She-Wolf, Jackson Pollock

Era uma vez um certo Harry, chamado o Lobo da Estepe. Andava sobre duas pernas, usava roupas e era um homem, mas não obstante um lobo da estepe (...) quando vivia como lobo, o homem nele permanecia como espectador, sempre à espera de interferir e condenar, e quando vivia como homem, o lobo procedia de maneira semelhante (...) Era isso o que ocorria ao Lobo da Estepe, e pode-se perfeitamente imaginar que Harry não levasse de todo uma vida agradável e feliz (...) Harry também conhecia de quando em vez exceções e momentos ditosos em que tanto o lobo quanto o homem podia respirar, pensar e sentir em harmonia (...) Todas essas pessoas têm duas almas, dois seres em seu interior; há neles uma parte divina e uma satânica, há sengue materno e paterno, há capacidade para a ventura e para a desgraça, tão contrapostas e hostis como eram o lobo e o homem dentro de Harry.

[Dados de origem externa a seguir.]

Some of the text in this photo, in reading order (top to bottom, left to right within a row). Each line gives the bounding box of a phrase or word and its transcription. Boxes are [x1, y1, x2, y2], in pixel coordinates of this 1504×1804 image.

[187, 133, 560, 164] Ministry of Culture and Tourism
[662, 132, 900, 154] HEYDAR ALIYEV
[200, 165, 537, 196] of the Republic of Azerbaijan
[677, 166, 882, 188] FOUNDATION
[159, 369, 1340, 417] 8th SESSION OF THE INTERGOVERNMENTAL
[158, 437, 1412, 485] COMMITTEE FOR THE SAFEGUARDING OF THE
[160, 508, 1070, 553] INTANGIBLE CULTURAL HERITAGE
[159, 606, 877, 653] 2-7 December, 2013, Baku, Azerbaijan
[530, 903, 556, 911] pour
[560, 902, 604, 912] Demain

Harry Haller, outsider, Steppenwolf, um lobo da estepe, indivíduo deslocado, extraviado do mundo, averso ao mundo e aos valores burgueses, incapaz, no entanto, de identificar-se com a vida das pessoas comuns. Mantém um estilo de vida próprio, inscrito na dualidade de seu ser: se algo não lhe agrada, tampouco seu oposto. Não consegue se entregar à vida, vivê-la. O Teatro Mágico é sua redenção.

HESSE, H. O Lobo da Estepe.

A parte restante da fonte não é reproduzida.